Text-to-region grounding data
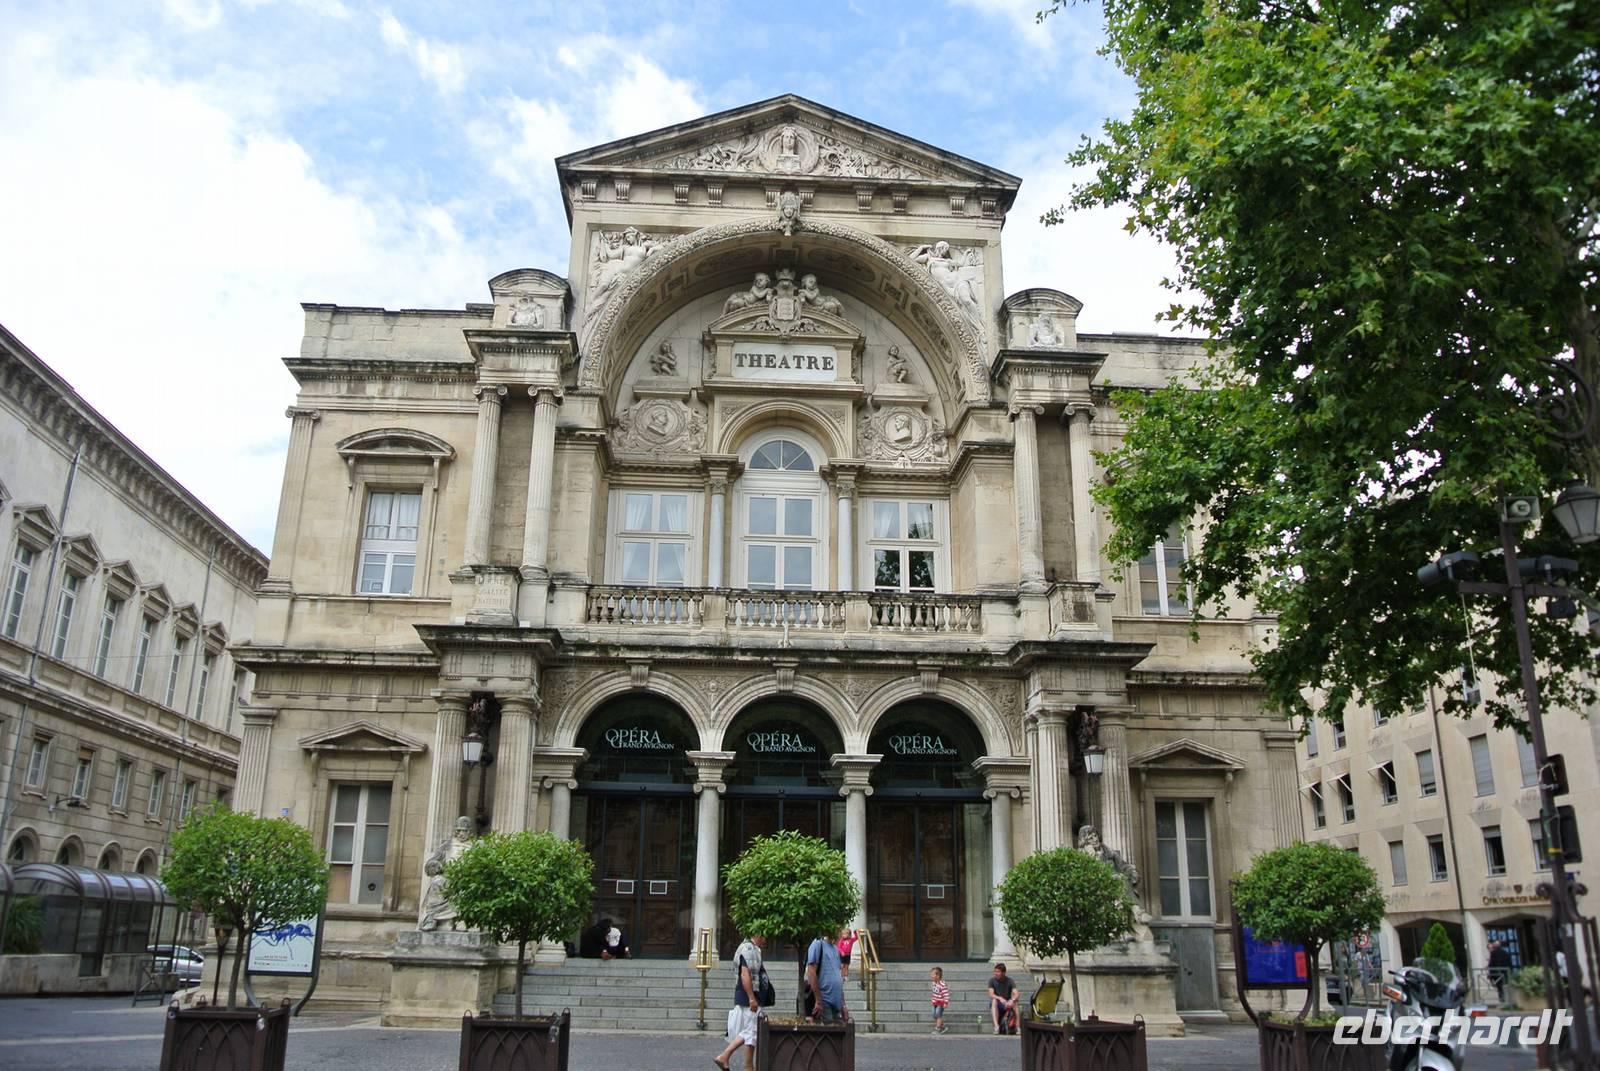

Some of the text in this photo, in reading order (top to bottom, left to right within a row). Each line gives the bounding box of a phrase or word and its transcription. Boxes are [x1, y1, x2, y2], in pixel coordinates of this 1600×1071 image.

[735, 354, 834, 370] THEATRE
[605, 727, 661, 743] OPÉRA
[610, 736, 642, 748] GRAND
[747, 731, 802, 747] OPÉRA
[889, 733, 944, 749] OPÉRA
[752, 740, 784, 752] GRAND
[894, 742, 925, 754] GRAND

#### YOUR TASK
Each entry is to be output exactly, and no picture is to appear.

#### ANSWER BOX
Some of the text in this photo, in reading order (top to bottom, left to right within a row). Each line gives the bounding box of a phrase or word and its transcription. Boxes are [x1, y1, x2, y2], in pixel coordinates of this 1600×1071 image.

[735, 354, 834, 370] THEATRE
[605, 727, 661, 743] OPÉRA
[610, 736, 642, 748] GRAND
[747, 731, 802, 747] OPÉRA
[889, 733, 944, 749] OPÉRA
[752, 740, 784, 752] GRAND
[894, 742, 925, 754] GRAND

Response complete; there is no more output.